Associação dos Pesquisadores Científicos do Estado de São Paulo diz que salário de R$ 5 mil provoca fuga de cérebros do Estado
Apesar do grave déficit no quadro de pesquisadores científicos do Estado de São Paulo, o concurso do governo estadual para apenas 11 vagas anunciou, número que representa menos de 3% do total necessário para reportar a força de trabalho nos institutos públicos de pesquisa ligados à Secretaria de Estado da Saúde (SES). Segundo dados apurados pela Associação dos Pesquisadores Científicos do Estado de São Paulo (APqC), atualmente, 368 cargas estão previstas de um total de 855 previstas em lei, o que significa que 487 posições estão vagos, comprometendo diretamente a capacidade de resposta do Estado a temas estratégicos ligados à saúde pública.
“A pesquisa pública de base foi o que garantiu ao Brasil, durante a pandemia de covid-19, chegar a uma vacina desenvolvida pelo Instituto Butantan, uma das instituições que compõem a estrutura científica ligada à Secretaria de Estado de Saúde. Sem investimentos, estamos negligenciando o tempo de resposta para crises que seguem desafiando a sociedade, como dengue, zika, chikungunya, malária, febre amarela, chagas, dentre outras”, afirma Helena Dutra Lutgens, presidente da APqC.
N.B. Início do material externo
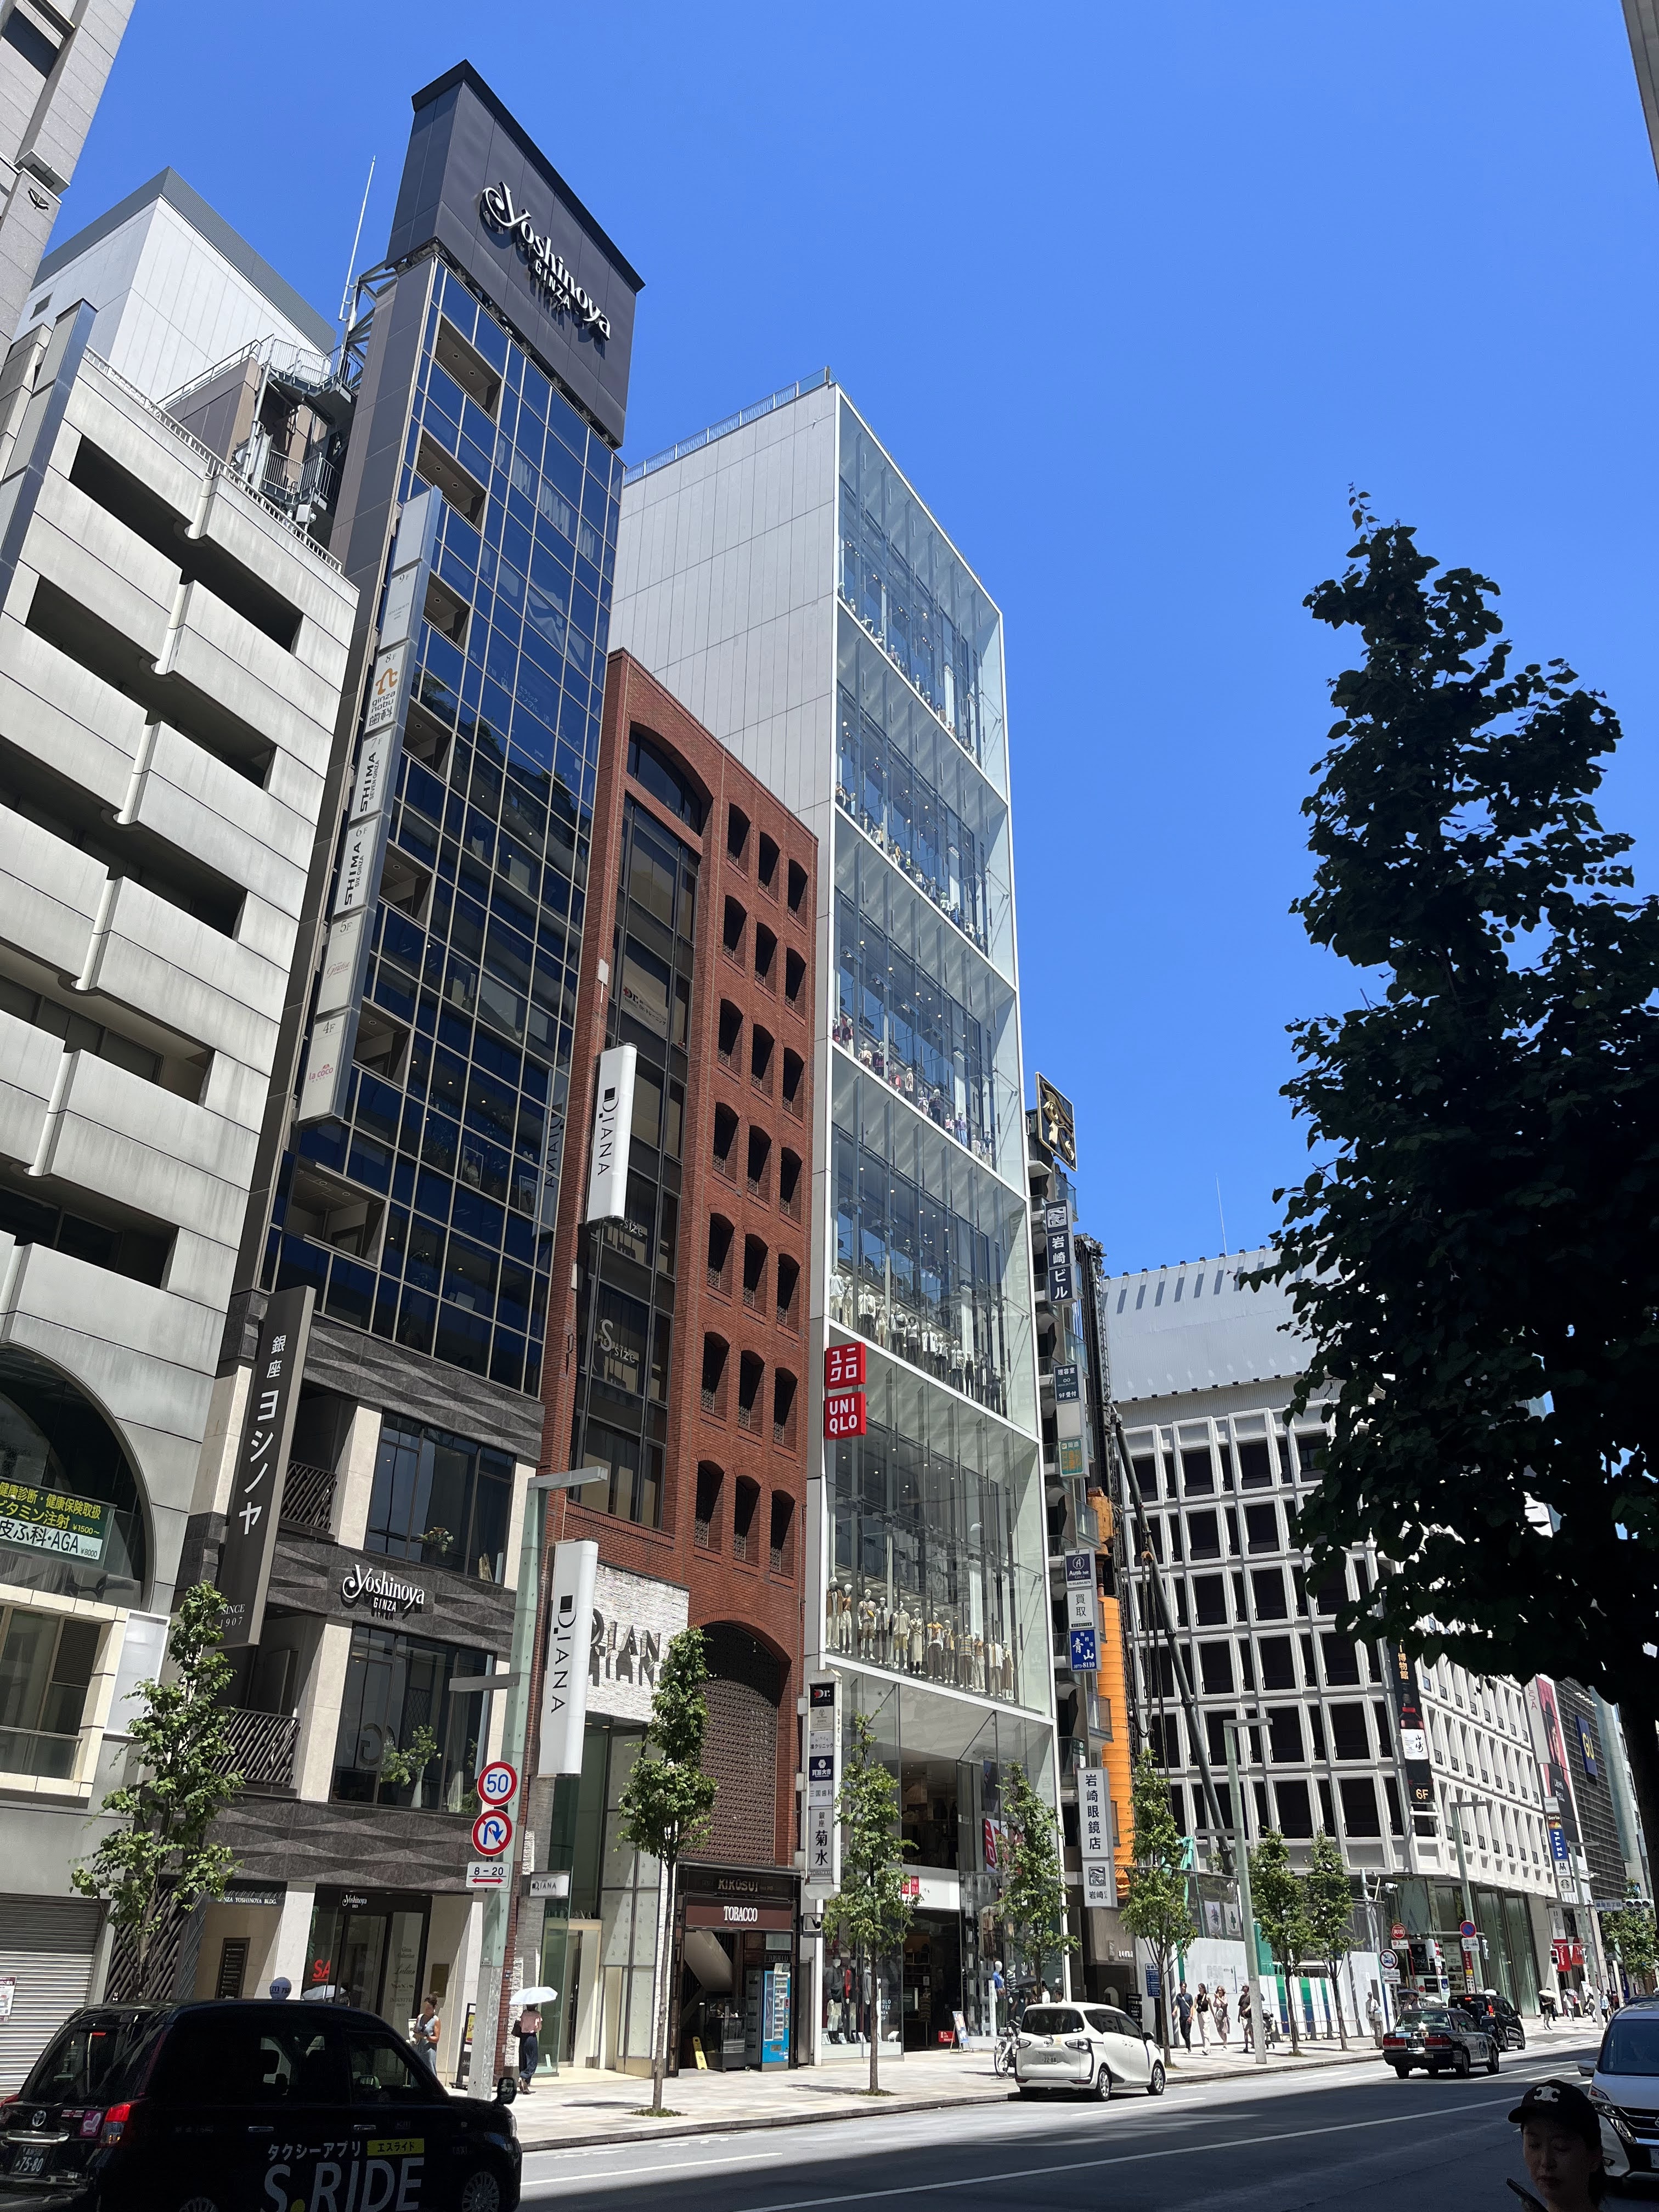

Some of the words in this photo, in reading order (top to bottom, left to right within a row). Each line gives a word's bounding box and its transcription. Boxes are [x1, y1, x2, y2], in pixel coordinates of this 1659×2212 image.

As vagas previstas no concurso serão específicas apenas para o Instituto Butantan. Nenhuma contratação foi prevista para as demais instituições da Saúde, como o Instituto Adolfo Lutz, Instituto Dante Pazzaneze de Cardiologia, Instituto Lauro de Souza Lima, Instituto Pasteur, Instituto da Saúde, Laboratório de Investigação Médica-LIM (HC-USP) e Sucen, extinto em 2020 e que tem sua estrutura e pesquisadores ligados ao Pasteur.
Salário
Além da escassez de vagas, a defasagem salarial torna o cenário para a substituição de pesquisadores nos Institutos Públicos ainda mais crítico. A remuneração inicial oferecida no concurso para pesquisador científico do Butantan é de R$ 5.037,04, menos a metade do que é oferecido pela Embrapa, que em seu concurso de 2024 distribuiu vencimentos iniciais de R$ 12.814,61.
“A comparação evidencia o descompasso entre São Paulo e o restante do país quando o assunto é valorizar a ciência. É um processo de desmonte que se arrasta ao longo dos últimos anos e que se acentuou no atual no governo, fazendo com que haja uma fuga de cérebros do Estado mais importante do país”, destaca Lutgens.
Os pesquisadores também enfrentaram perda salarial ao longo dos últimos anos. Segundo estudo feito pela APqC, enquanto a inflação atingiu 92,68% entre novembro de 2013 e março de 2025, o salário dos pesquisadores foi reajustado em apenas 20,68%.
Outras secretárias
Além da falta de pesquisadores na área da saúde, as Secretarias de Agricultura e Abastecimento (SAA) e de Meio Ambiente, Infraestrutura e Logística (Semil) também enfrentam um apagão de ciência. Na SAA, 448 cargas de pesquisador estão fornecidas, enquanto 746 permanecem vagas. Já na Semil, o número é ainda mais reduzido: apenas 130 pesquisadores em atividade, frente a 152 vagas em aberto.
“Estamos diante de um processo de desmonte silencioso. A ciência paulista resiste, mas sem pesquisadores, laboratórios e condições adequadas, não há como atender às necessidades da população com qualidade e inovação, especialmente diante do cenário de crise climática”, alerta Lutgens.
O problema se estende ainda às carreiras de apoio, fundamentais para o funcionamento diário dos institutos e manutenção das áreas de pesquisa. Na Secretaria da Agricultura, apenas 621 cargas de apoio estão fornecidas, enquanto 3.793 permanecem vagos. Na Saúde, são 282 provisões e 1.831 vagos; e na SEMIL, 212 profissionais atuam em meio a um déficit de 1.092 cargas não ocupadas.
Atualmente, São Paulo conta com 16 Institutos Públicos de pesquisa. Somando cargos de pesquisador e carreiras de apoio, são mais de oito mil postos de trabalho no Estado.
“É impossível planejar o futuro da pesquisa pública com esse nível de reposição. Estamos perdendo cérebros, know-how e capacidade instalada que levaram décadas para ser construído”, afirma.